Greenbelt, Maryland
With national leadership urging schools to reopen this fall despite rising cases of COVID-19, classroom teachers are facing bewildering choices. Already undervalued, teachers are weighing the dangers of in-person instruction against the effectiveness of online learning, with little certainty about either. Students are isolated, parents are exhausted, school districts are scrambling to make responsible decisions, yet teachers themselves are being asked to carry most of this burden, risking their lives and their families’ lives to do their jobs. Even a superhero would be daunted. As we approach the start of the 2020 academic year, we asked U.S. K-12 teachers to tell us how they’re feeling and how they’re planning for the year ahead.

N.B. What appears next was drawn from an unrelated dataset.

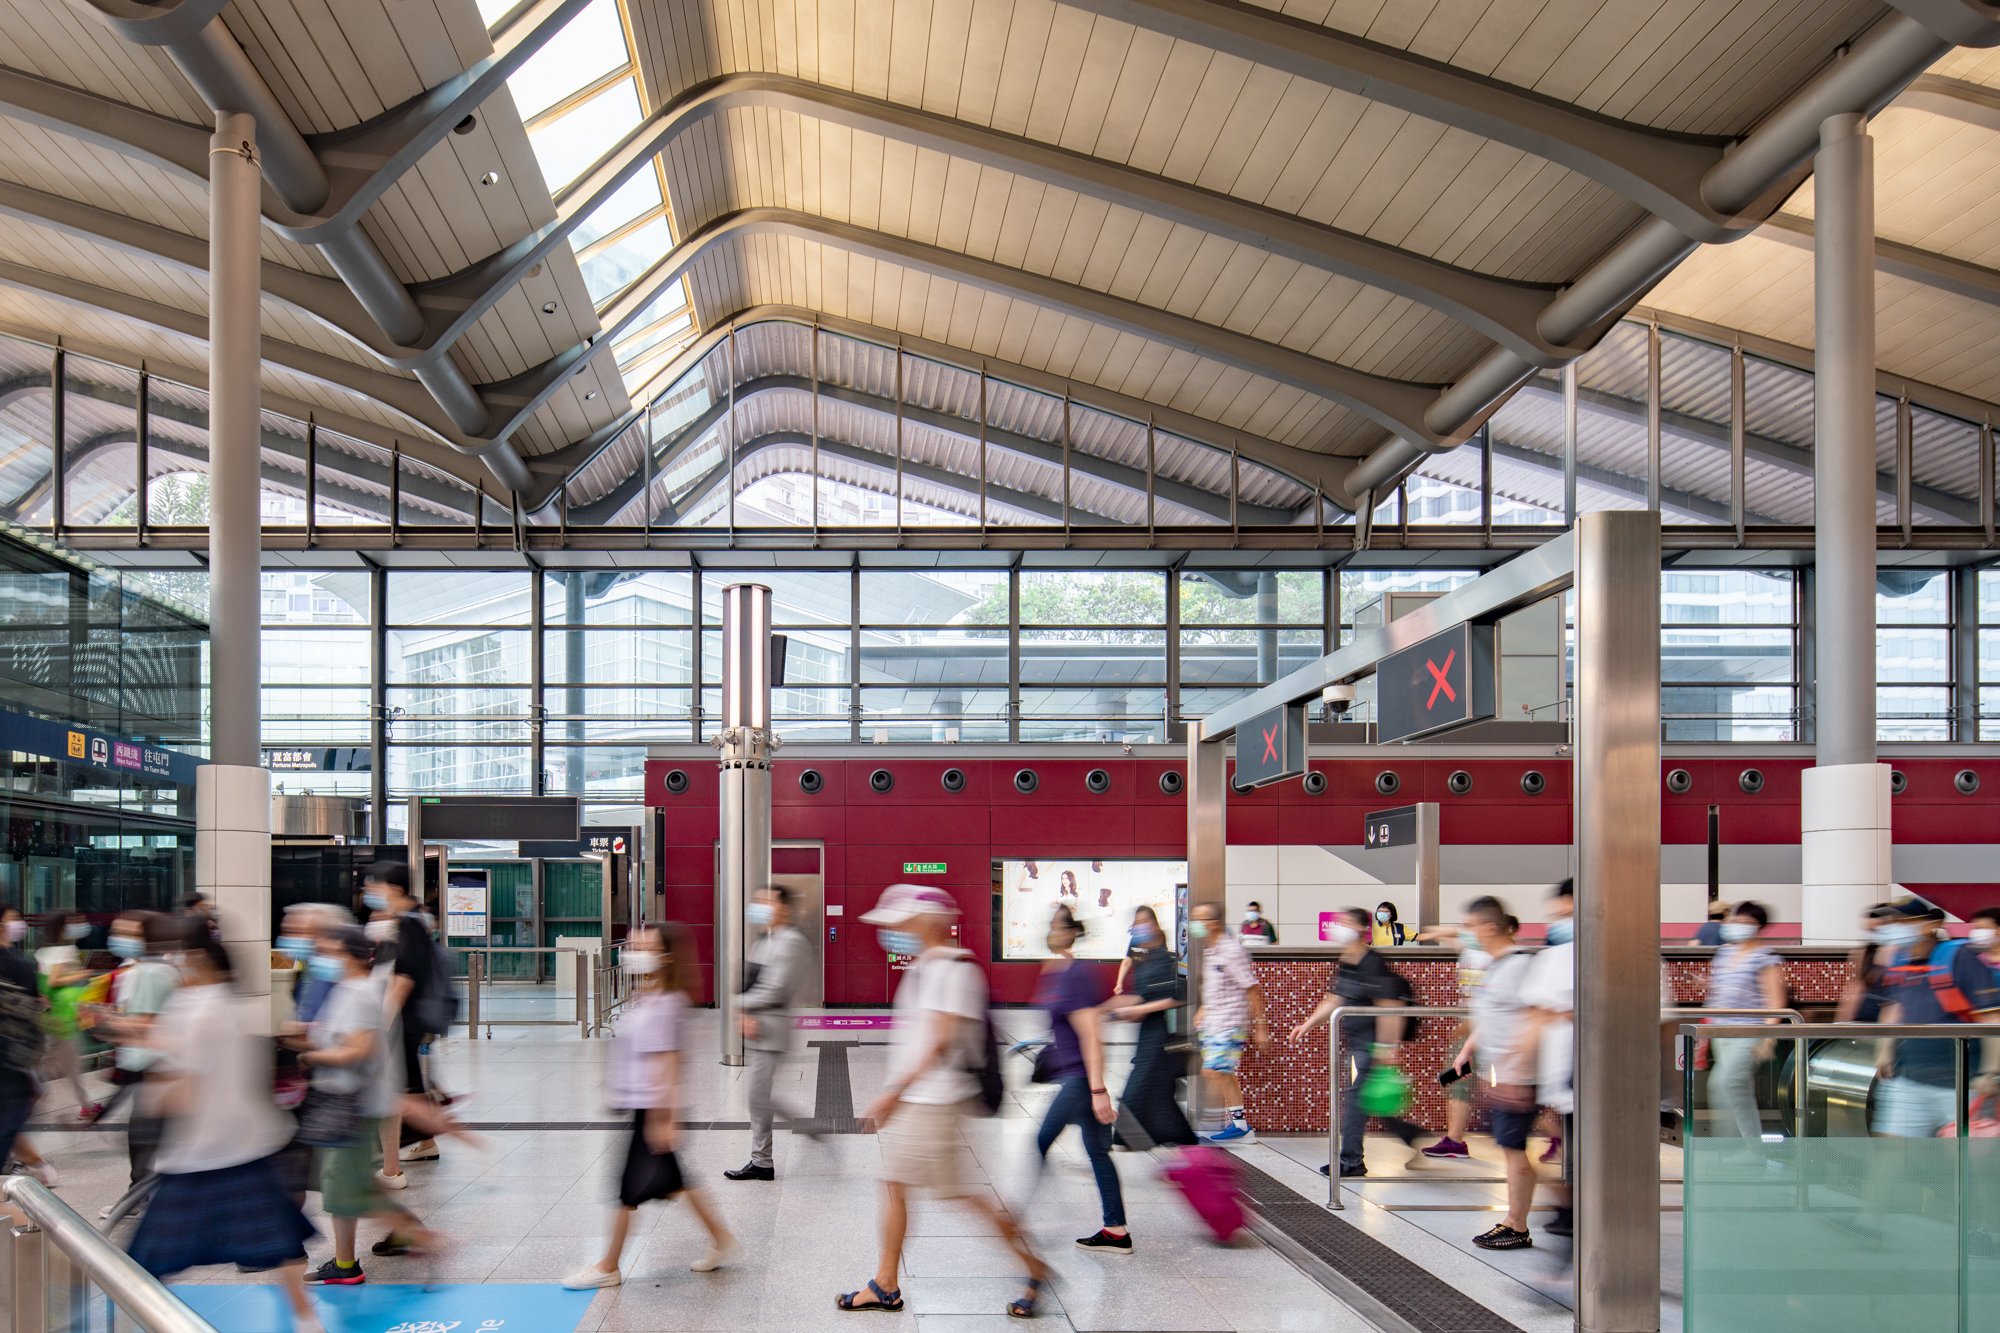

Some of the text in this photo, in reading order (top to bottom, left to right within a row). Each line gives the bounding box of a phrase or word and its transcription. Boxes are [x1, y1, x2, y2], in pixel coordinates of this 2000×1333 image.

[144, 749, 169, 766] 往屯門
[272, 751, 312, 762] 置富都會
[160, 768, 170, 776] Mun
[589, 837, 609, 848] 車票

In June, we were given a two-hour window to come to the school building and get what we needed from our classrooms. I tried to pick out the things that I would be really sorry to lose if I could never come back again. We had no idea then what September would look like. I put stray textbooks back on the shelf, dumped unreturned papers into the recycling, positioned the overhead remote in a place where the tech guy could find it, emptied and unplugged the laboratory fridge leaving the door hanging open, and then looked around.
Forty lab aprons hung on hooks by the door. I gathered them up, laid them across a lab table and began to fold them, following the creases they still retained from their packaging despite the months on the hooks. They were standard school aprons, thin black rubber, cotton tape at the neck and waist. And yet they were magical. With a pair of goggles, a lab apron transformed any middle-school student into a scientist.

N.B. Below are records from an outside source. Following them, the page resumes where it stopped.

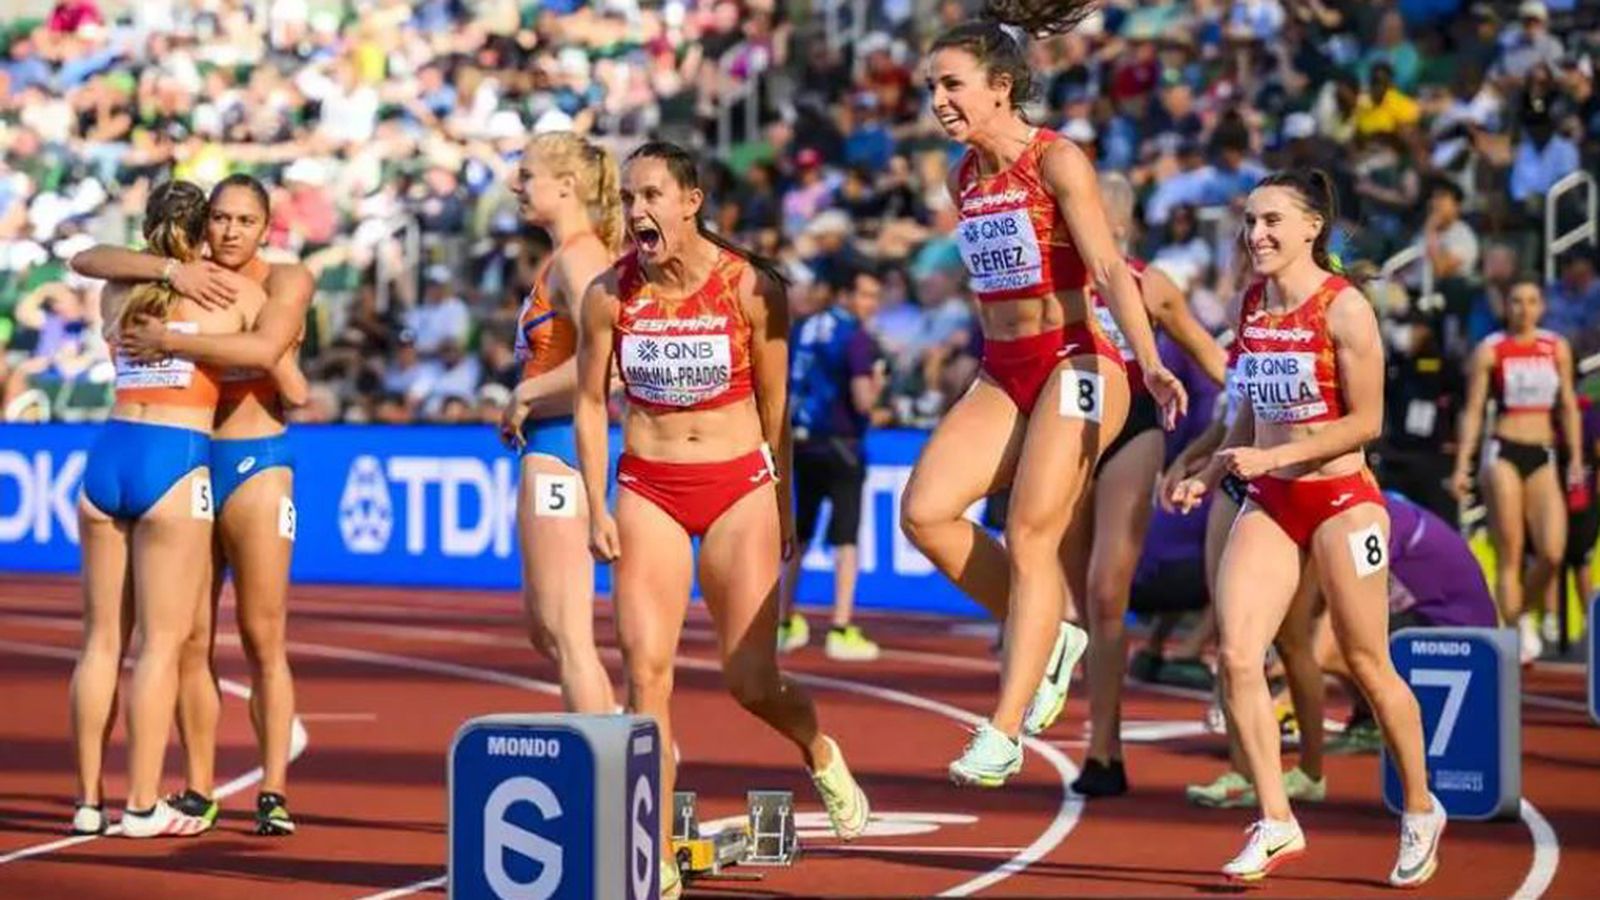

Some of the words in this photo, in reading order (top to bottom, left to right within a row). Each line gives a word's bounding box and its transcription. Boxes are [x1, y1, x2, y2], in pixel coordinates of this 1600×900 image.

[981, 217, 1019, 239] QNB
[970, 246, 1026, 272] PÉREZ
[664, 342, 714, 359] QNB
[626, 365, 728, 388] MOLINA-PRADOS
[1260, 358, 1299, 376] QNB
[1077, 378, 1095, 413] 8
[1237, 381, 1315, 404] SEVILLA
[201, 485, 210, 512] 5
[549, 483, 566, 511] 5
[1364, 534, 1382, 566] 8
[1410, 640, 1472, 657] MONDO
[1410, 668, 1472, 758] 7
[486, 736, 561, 758] MONDO
[483, 775, 564, 900] 6
[631, 774, 654, 900] 6

I can lecture online. I can assign readings, demonstrate principles, give feedback, crack jokes, and break out into small groups online. I can give my students the chance to demonstrate their learning in writing, drawing, song, and slideshow online. With asynchronous learning and student-pacing, many of those things can be better online than face to face. But when we’re online, I can’t give them the nod that means that their pre-lab work is done and they can go suit up. I can’t watch them hurry across the room and tie their aprons on and become scientists.
During emergency online school in the spring, I missed seeing my students’ faces every day, but I never felt disconnected from most of them. I still read my students’ writing every week. I emailed them and their parents. I talked to them in endless Google Classroom posts and hours of video. I played vocabulary quiz games online. In meetings, the faculty exchanged what information we had about how students were holding up. As a staff, we made silly goodbye videos for the departing eighth grade. I love my students, but I didn’t miss them because I felt like I was still connected to most of them. I felt confident that my online science lessons were meeting their needs, and I delighted in the thoughtful final projects they crafted.

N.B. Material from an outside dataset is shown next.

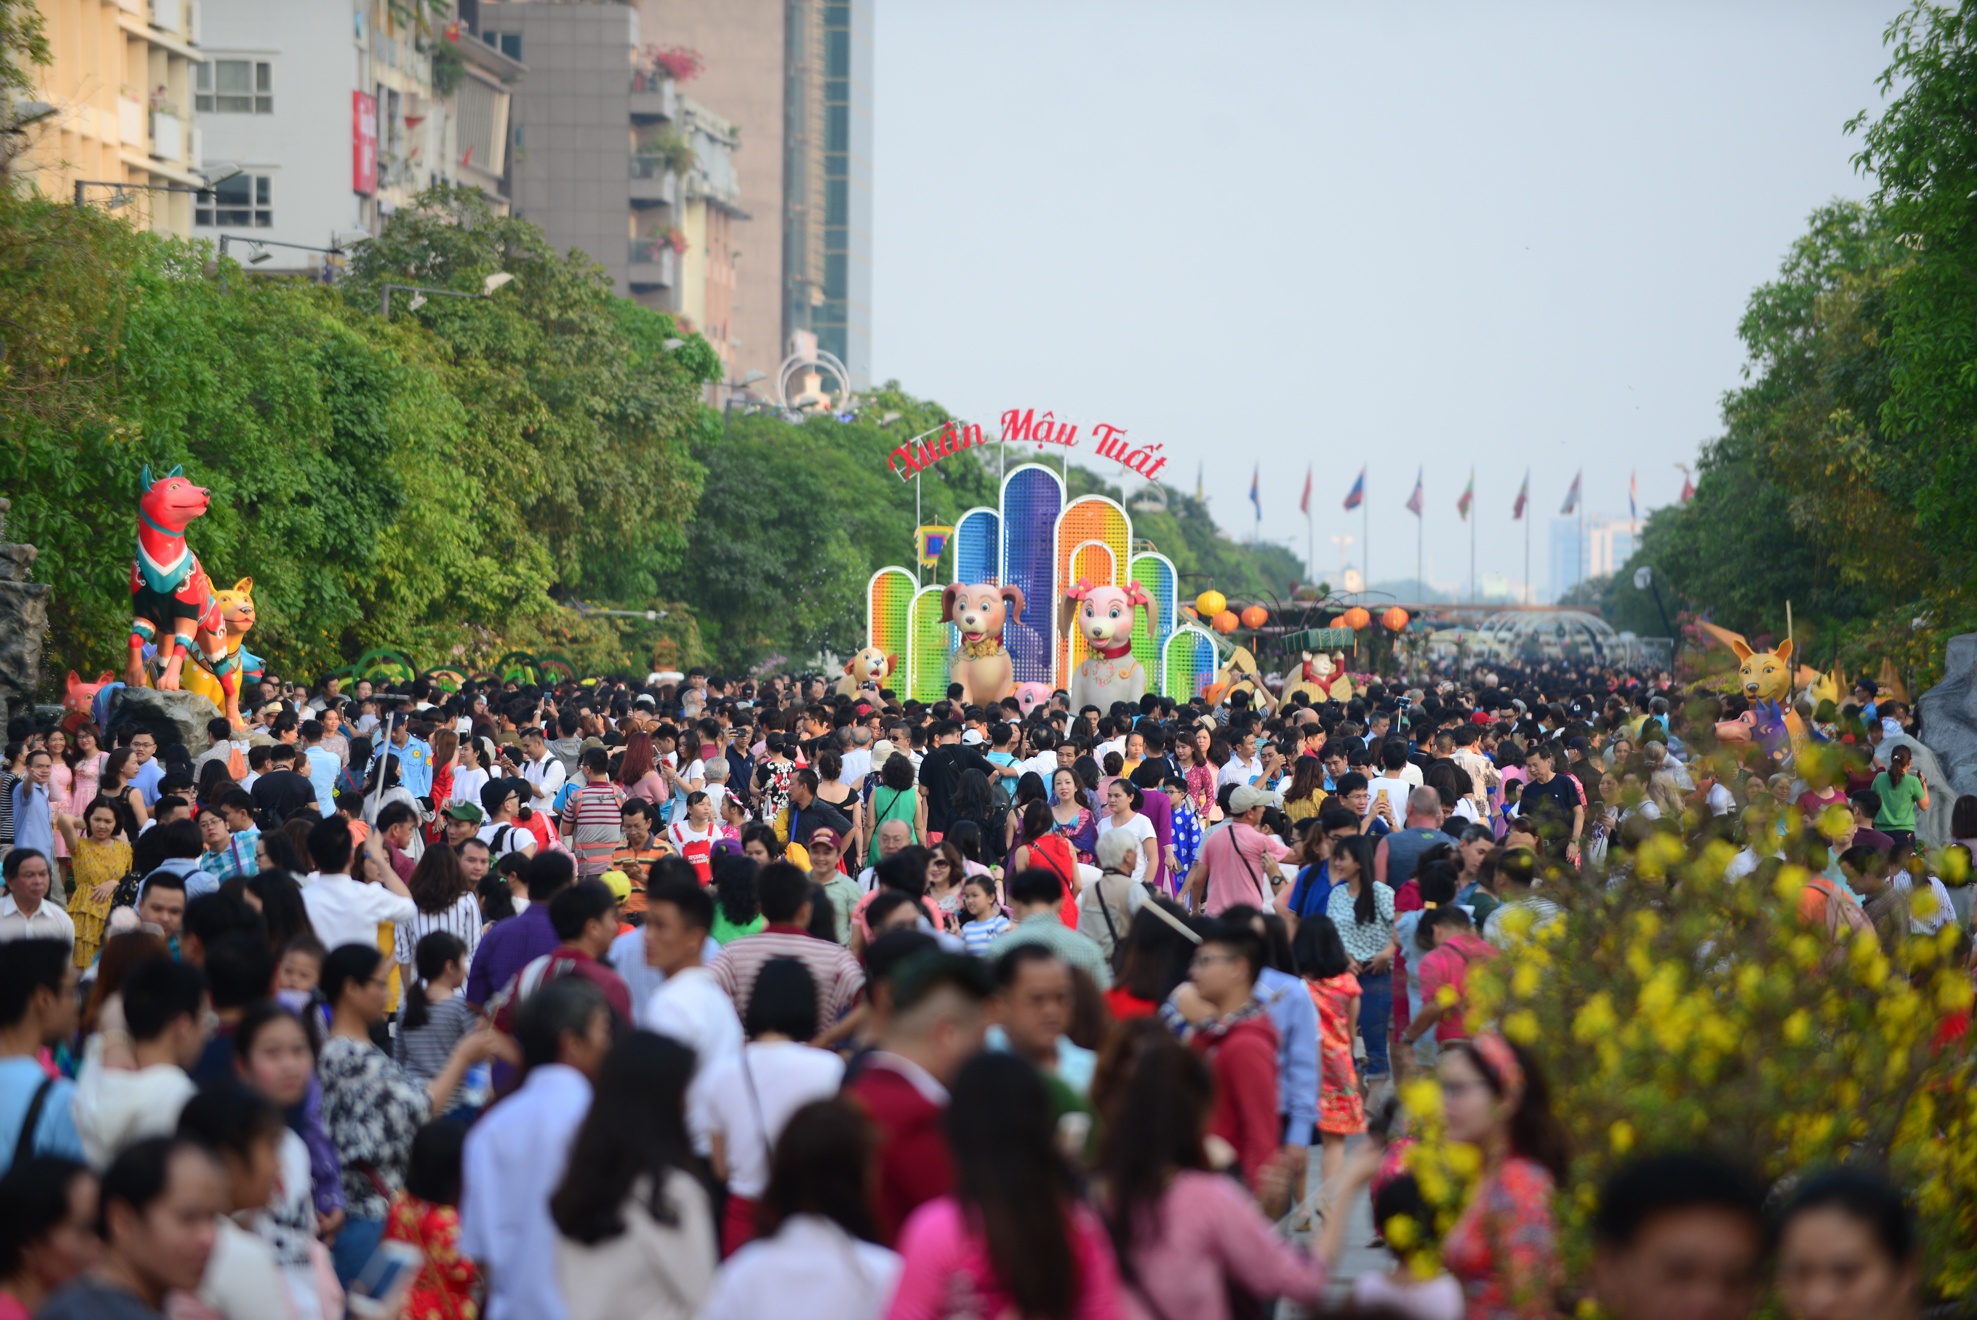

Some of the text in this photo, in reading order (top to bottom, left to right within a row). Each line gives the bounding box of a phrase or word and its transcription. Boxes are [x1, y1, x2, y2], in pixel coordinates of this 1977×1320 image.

[888, 408, 1167, 481] Xuân Mậu Tuất

Properly folded, the lab aprons took up almost no space. I tucked them into a shelf in the back of the room. They will be there when we get back, ready to transform another group of middle-school students.
My district will be fully virtual at least through January. It’s the right choice for our students, our families, and our faculty and staff. I’m looking forward to a new school year, using new skills to make online learning better. My goal for this summer is to find an online tool as powerful as the lab apron to turn my students into scientists.
Jennifer Thorson is a middle school science teacher, an amateur baker, and an inveterate scribbler. She lives and works in Prince George’s County, Maryland.